Are there other forms of treatment?

Surgery is the most effective treatment to remove nodules suspicious for thyroid cancer. If there is not the possibility of thyroid cancer, there may be nonsurgical options for therapy depending on your diagnosis. You should discuss other options for treatment with your physician who has expertise in thyroid diseases.

 

What are the risks of the operation?

In experienced hands, thyroid surgery is generally very safe. Complications are uncommon, but possible risks of thyroid surgery include:

·         Bleeding in the hours immediately after surgery that could cause difficulty breathing

·         Injury to the nerves that go to the voice box which can cause voice changes or hoarseness

·         Damage to the parathyroid glands that control calcium levels in the blood, leading to hypocalcemia (low blood calcium levels)

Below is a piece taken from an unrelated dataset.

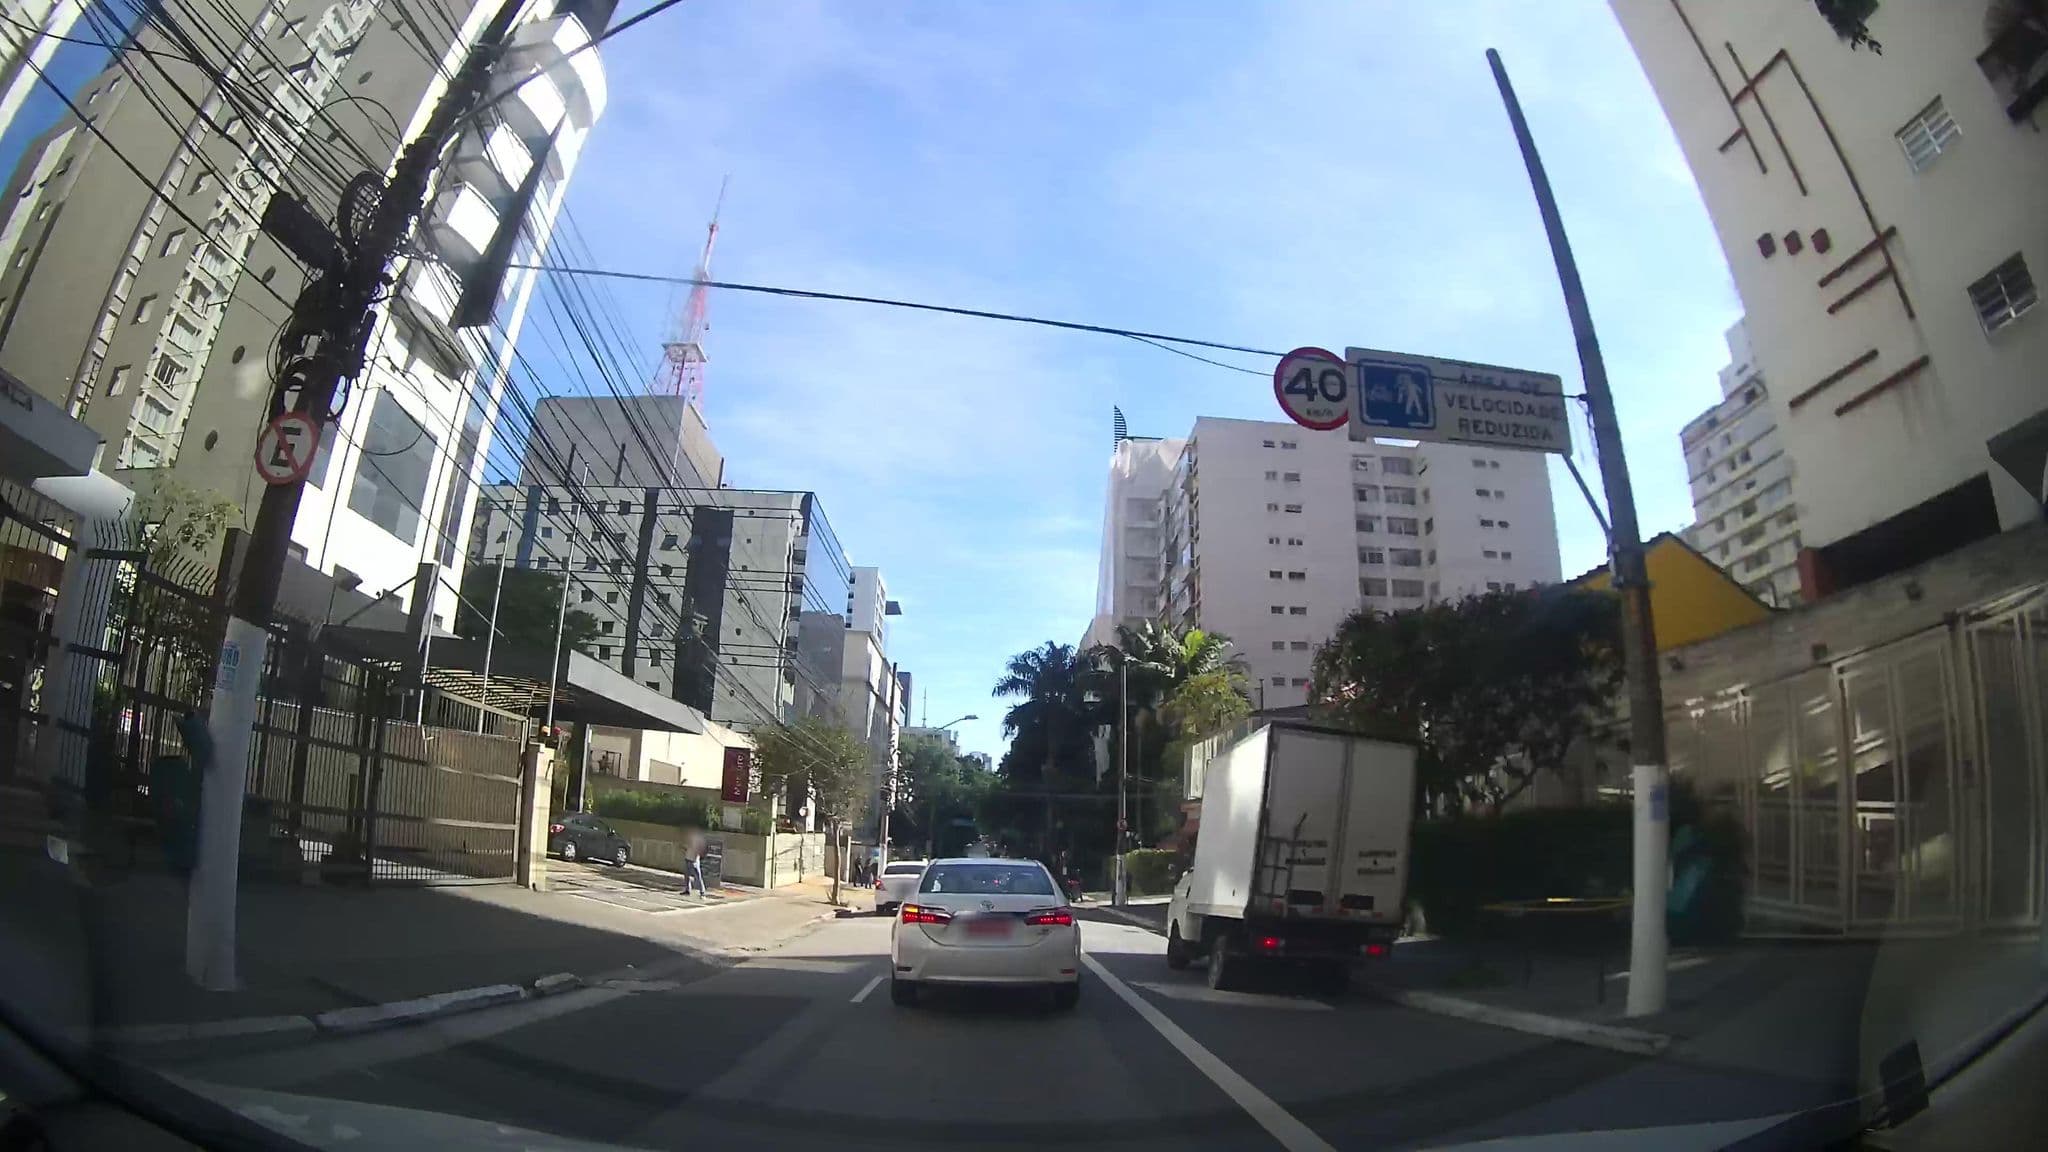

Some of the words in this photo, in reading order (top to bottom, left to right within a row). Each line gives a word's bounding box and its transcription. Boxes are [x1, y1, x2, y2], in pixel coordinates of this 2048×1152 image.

These complications occur more frequently in patients with large cancers, in patients undergoing a second thyroid surgery, and in patients with large goiters that go below the collarbone into the top of the chest (substernal goiter).

Overall the risk of serious complications should be less than 2%.  Prior to surgery, patients should understand the reasons for the operation, the alternative methods of treatment, and the potential risks and benefits of the operation.

 

How much of my thyroid gland needs to be removed?

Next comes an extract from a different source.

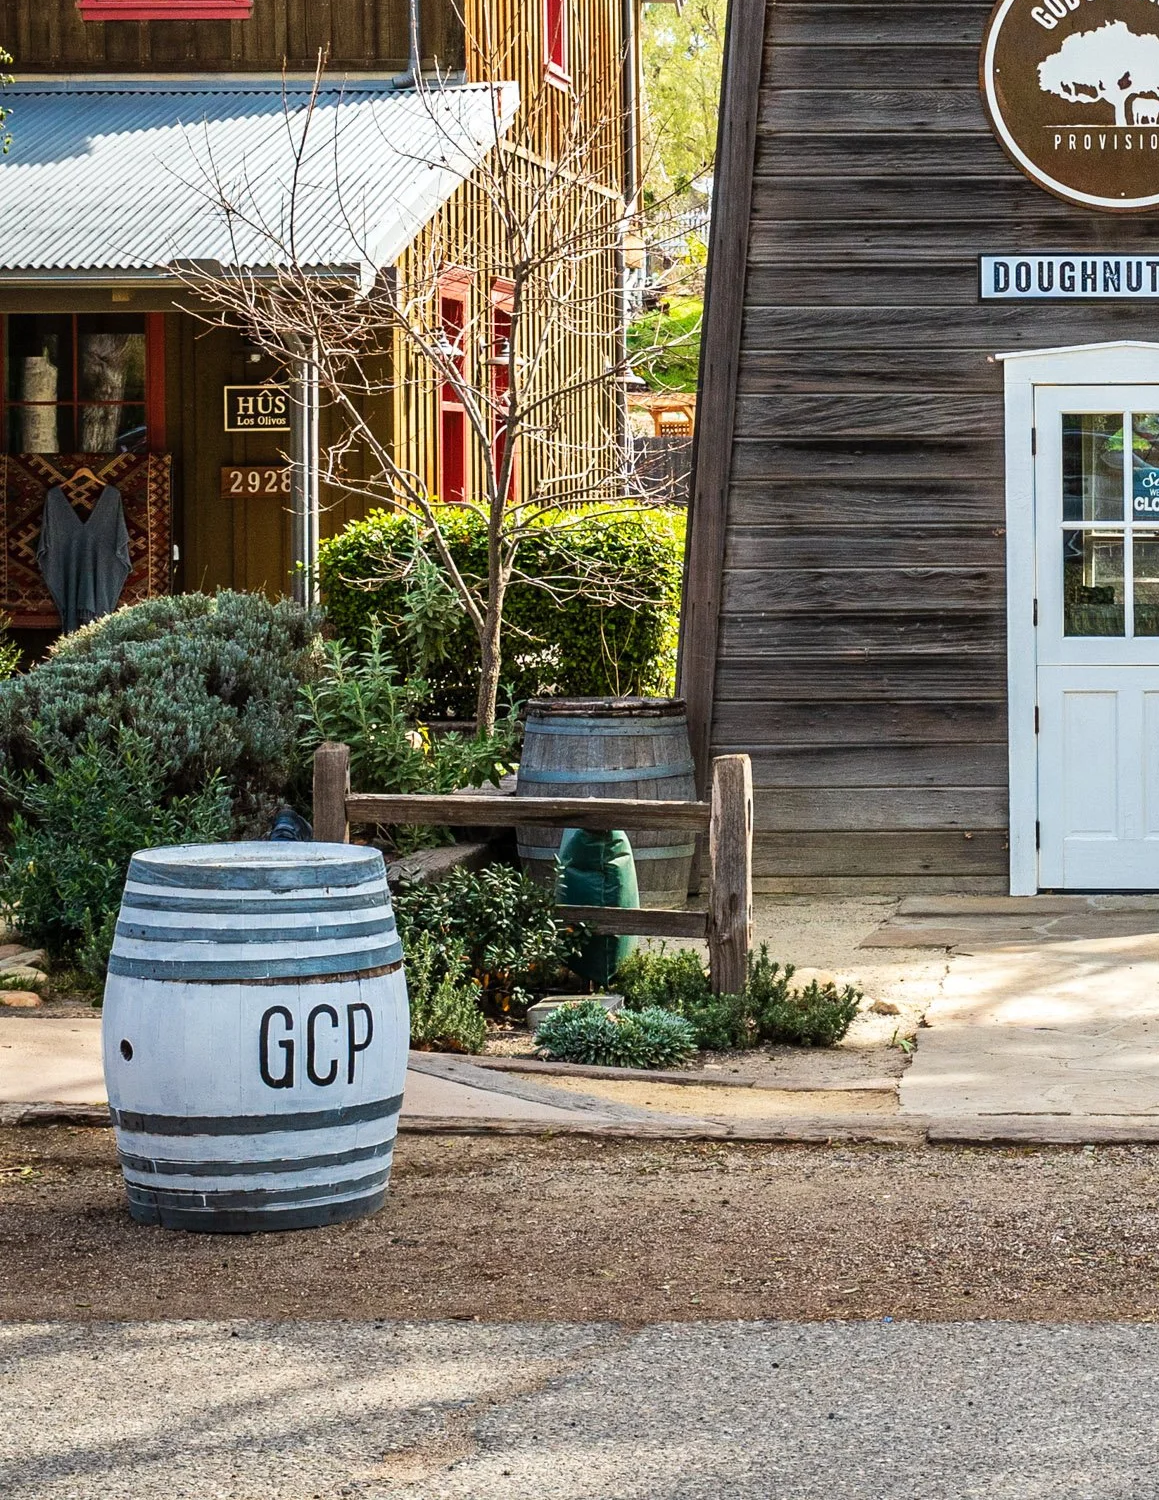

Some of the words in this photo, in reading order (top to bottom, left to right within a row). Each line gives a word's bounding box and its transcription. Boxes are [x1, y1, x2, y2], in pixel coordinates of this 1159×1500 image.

[237, 416, 255, 425] Los
[257, 416, 287, 425] Olivos
[259, 1003, 374, 1089] GCP

Your surgeon should explain the planned thyroid operation, such as lobectomy (hemi) or total thyroidectomy, and the reasons why the procedure is recommended.

For patients with papillary or follicular thyroid cancer, your surgeon may recommend a total thyroidectomy when they believe that additional  treatment with radioactive iodine might be necessary. For patients with larger (>1.5 cm) or more invasive cancers, and for patients with medullary thyroid cancer, local lymph node dissection may be necessary to remove lymph nodes.

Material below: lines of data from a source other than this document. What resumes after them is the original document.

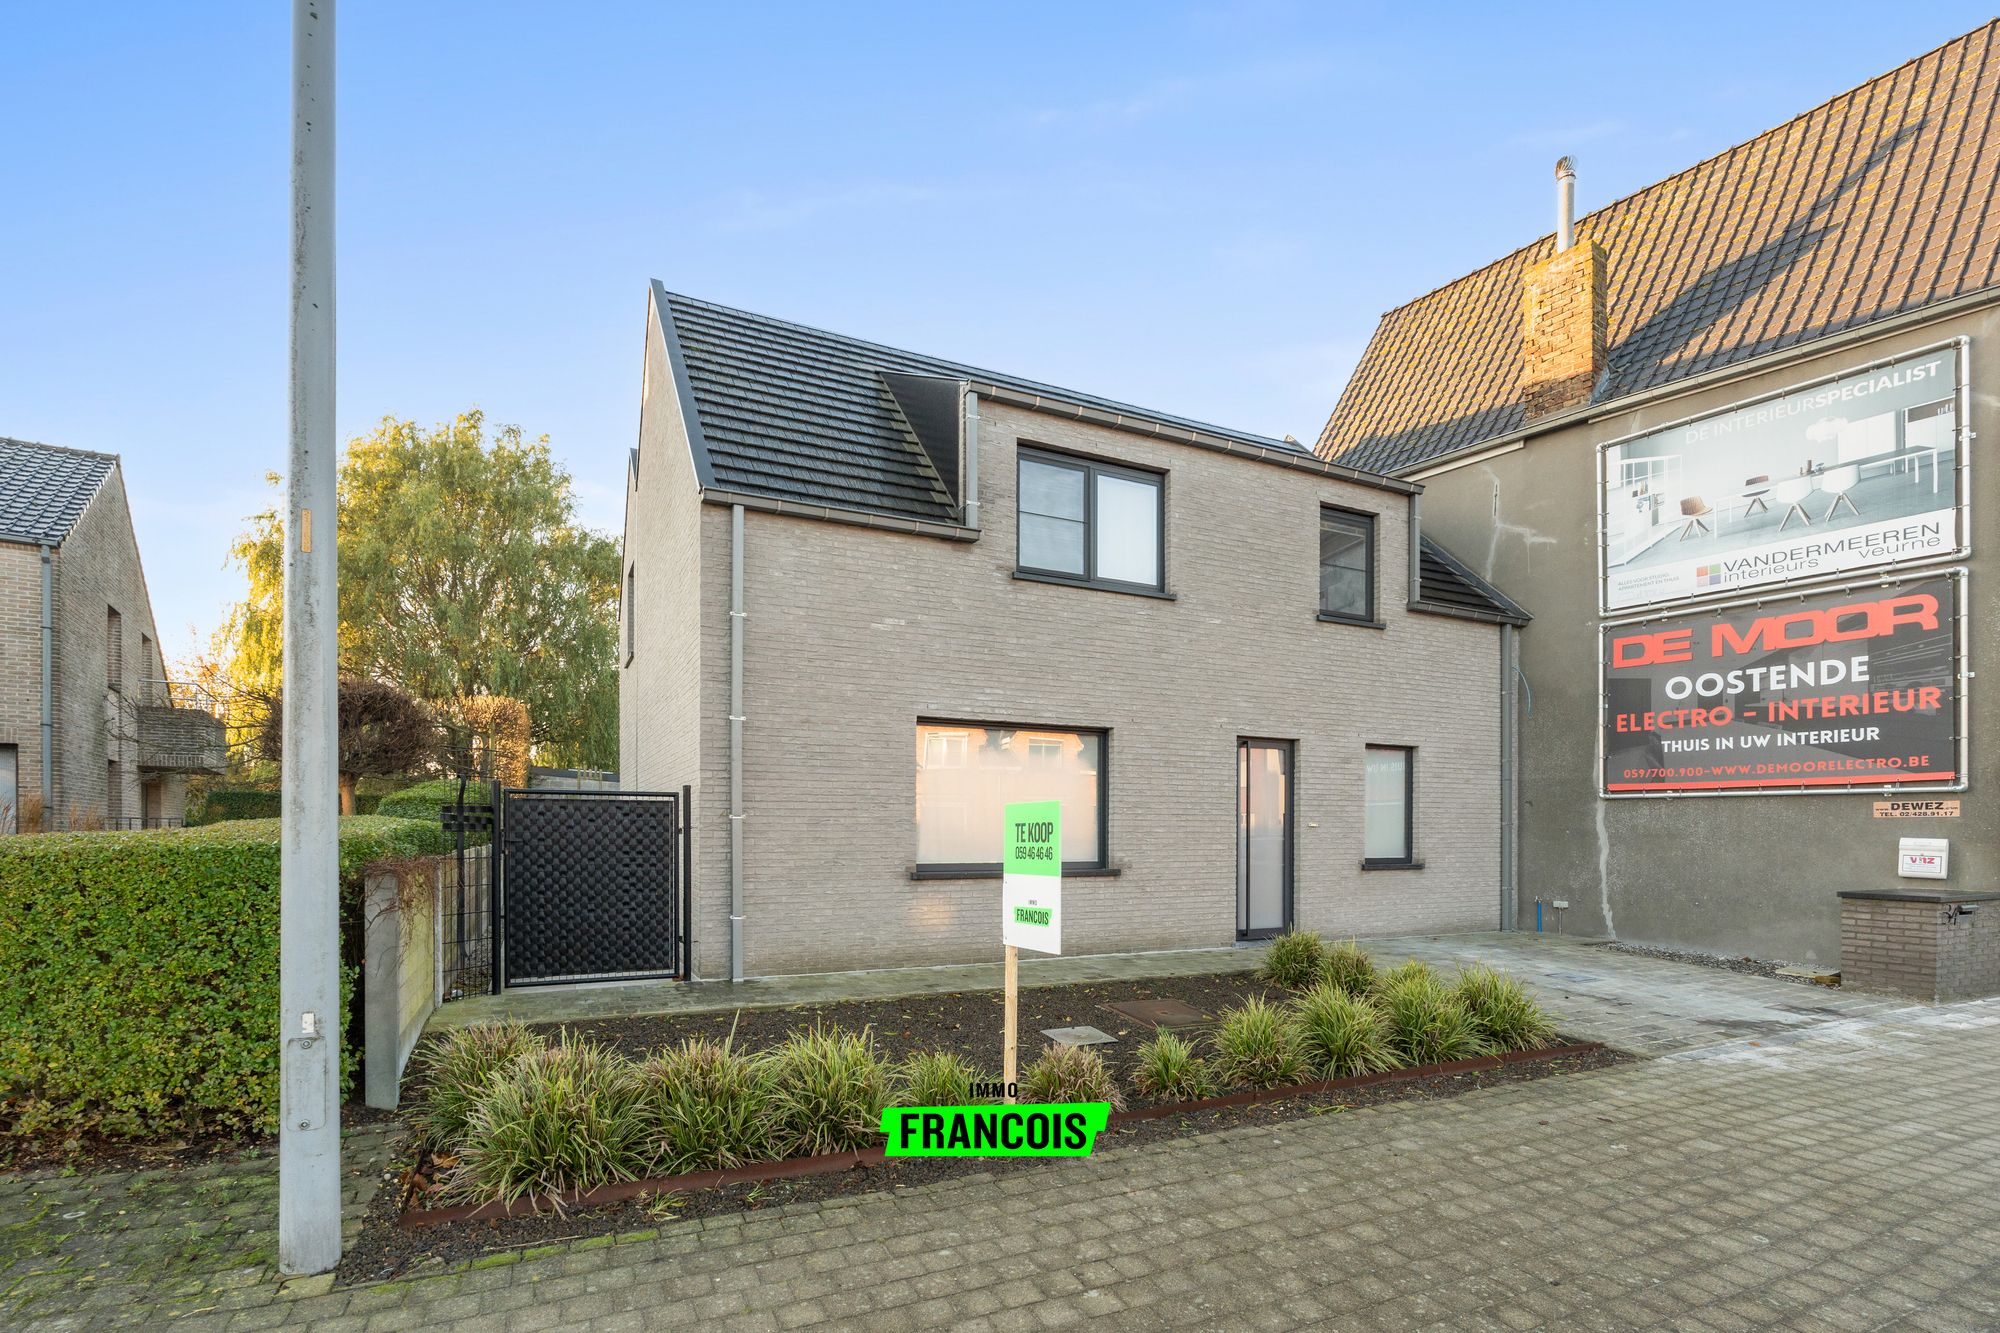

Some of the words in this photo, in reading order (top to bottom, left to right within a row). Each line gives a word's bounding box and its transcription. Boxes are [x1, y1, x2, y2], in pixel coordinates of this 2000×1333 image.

[1685, 427, 1709, 445] DE
[1714, 361, 1942, 437] INTERIEURSPECIALIST
[1723, 522, 1940, 572] VANDERMEEREN
[1724, 557, 1819, 583] interieurs
[1858, 536, 1941, 559] veurne
[1613, 628, 1693, 669] DE
[1712, 593, 1939, 657] MOOR
[1665, 656, 1870, 700] OOSTENDE
[1616, 705, 1733, 732] ELECTRO
[1768, 687, 1942, 722] INTERIEUR
[1661, 738, 1710, 753] THUIS
[1715, 736, 1734, 750] IN
[1740, 734, 1771, 749] UW
[1777, 727, 1880, 747] INTERIEUR
[1015, 823, 1026, 842] TE
[1028, 822, 1053, 843] KOOP
[1015, 846, 1026, 860] 059
[1027, 846, 1035, 860] 46
[1036, 846, 1044, 860] 46
[1045, 846, 1053, 860] 46
[1016, 908, 1049, 925] FRANCOIS

A thyroid lobectomy may be recommended for overactive nodules or for benign one-sided nodules that are causing local symptoms such as compression, hoarseness, shortness of breath or difficulty swallowing. A total or sub – total thyroidectomy may be recommended for patients with Grave’s Disease or for patients with large multinodular goiters.

 

Will I need to take a thyroid pill after my operation?

The answer to this depends on how much of the thyroid gland is removed. If half (hemi) thyroidectomy is performed, there is an 80% chance you will not require a thyroid pill UNLESS you are already on thyroid medication for low thyroid hormone levels. If you have your entire gland removed (total thyroidectomy) or if you have had prior thyroid surgery and now are facing removal of the remaining thyroid (completion thyroidectomy) then you have no internal source of thyroid hormone. In this case you will need lifelong thyroid hormone replacement.  Thyroid replacement pills are taken daily and tend to be well tolerated without side effects.

 

What will my scar look like?

The thyroid gland is removed through an incision in the lower part of the neck.  The size will vary depending on the type of surgery and the size of the gland.  The incision is closed with dissolving stitches and either skin glue or steri strips.  The incision can get wet in the shower 1-2 days after surgery.  It will have some mild to moderate swelling for about two weeks.  The most important care for your scar is to keep it out of the sun.  In Colorado the sun rays are intense and can cause scars to be more visible.  You should keep the area out of direct sunlight, cover it, or apply sunscreen to the scar daily once the skin has healed.  This should be continued for the first six months after surgery.  Generally, after about a year, with good care to the site, most scars are barely visible.

 

What restrictions will I have following surgery?

Most surgeons prefer that patients limit extreme physical activities following surgery for a few days up to about a week for most patients.  This is mostly to reduce the risk of a postoperative neck hematoma (blood clot) and breaking of stitches. These limitations are brief, usually followed by a quick transition back to unrestricted activity. Normal activity can begin on the first day following surgery. Vigorous sports, such as swimming, and activities that include heavy lifting should be delayed for at least ten days to two weeks.  Patients can lead very normal lives once they recover from surgery.